# Goal of the exercise:
Once the pictures are set aside, copy the data below exactly as it stands.

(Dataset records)
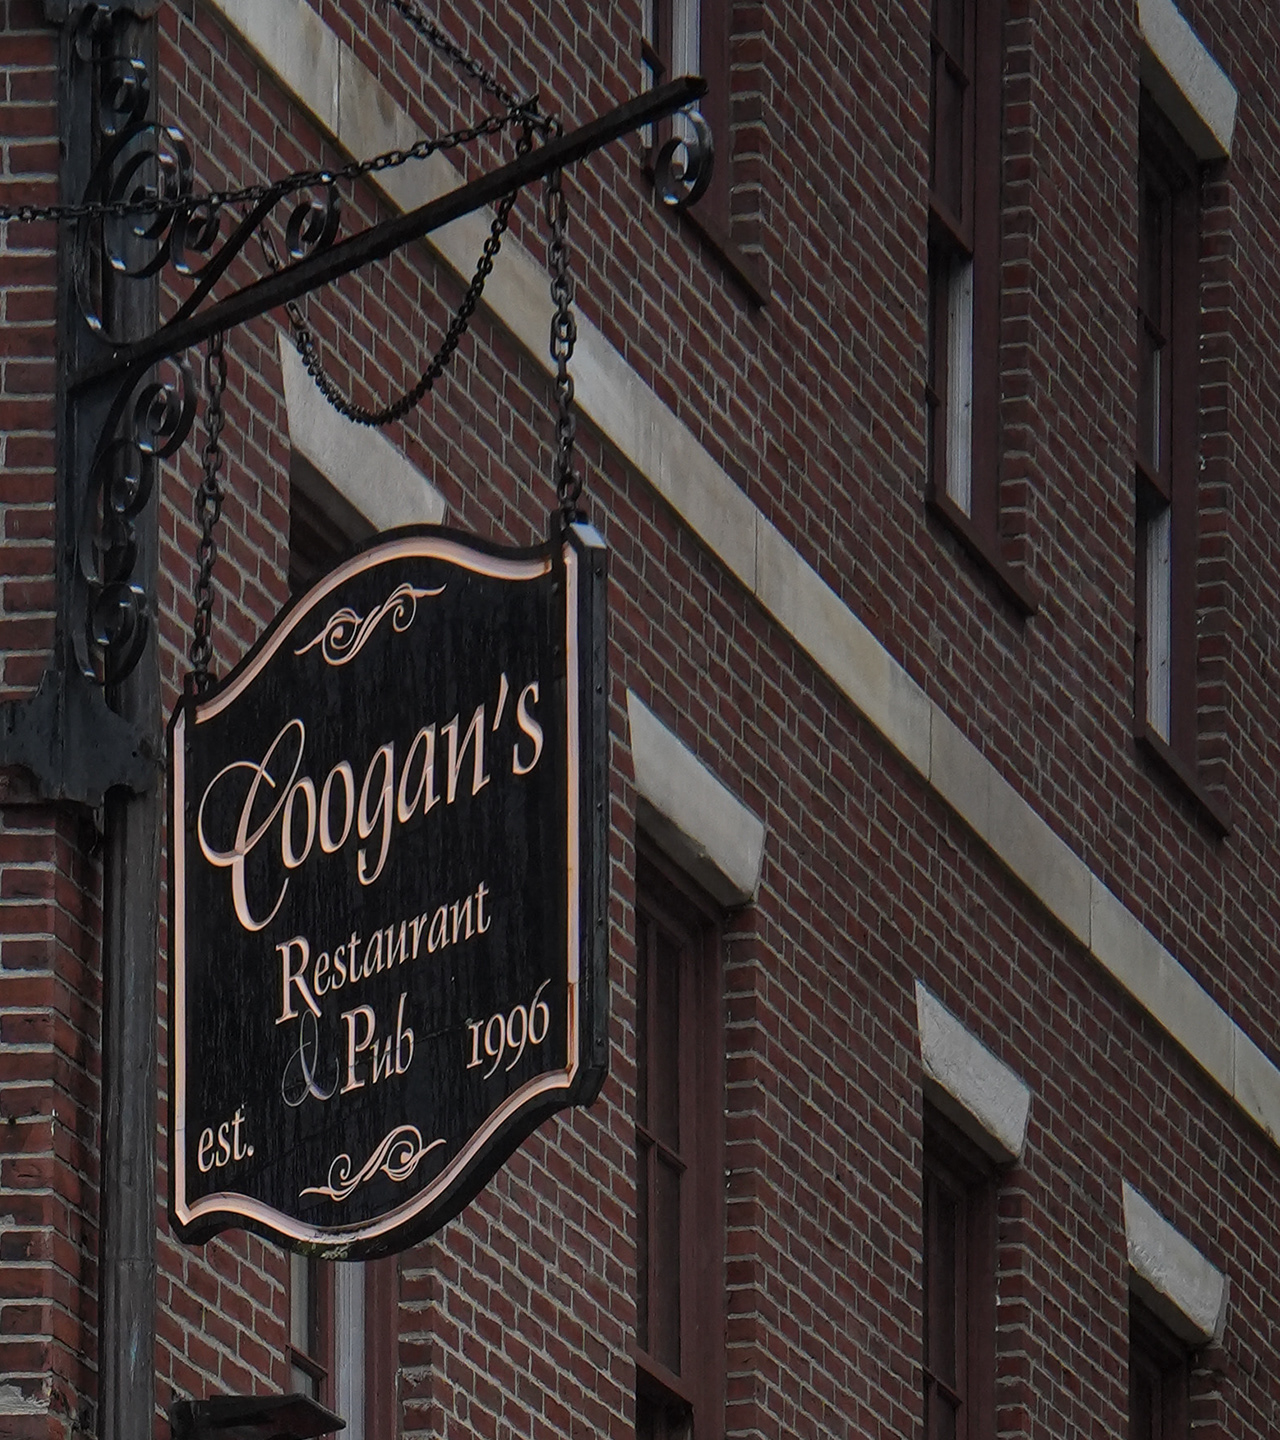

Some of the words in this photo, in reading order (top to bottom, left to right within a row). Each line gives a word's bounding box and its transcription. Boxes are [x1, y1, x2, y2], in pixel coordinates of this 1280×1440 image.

[198, 672, 543, 931] Coogan's
[275, 880, 491, 1025] Restaurant
[197, 1104, 255, 1173] est.
[466, 979, 552, 1080] 1996
[340, 992, 414, 1096] Pub

# Expected answer:
Some of the words in this photo, in reading order (top to bottom, left to right within a row). Each line gives a word's bounding box and its transcription. Boxes are [x1, y1, x2, y2], in pixel coordinates of this 1280×1440 image.

[198, 672, 543, 931] Coogan's
[275, 880, 491, 1025] Restaurant
[197, 1104, 255, 1173] est.
[466, 979, 552, 1080] 1996
[340, 992, 414, 1096] Pub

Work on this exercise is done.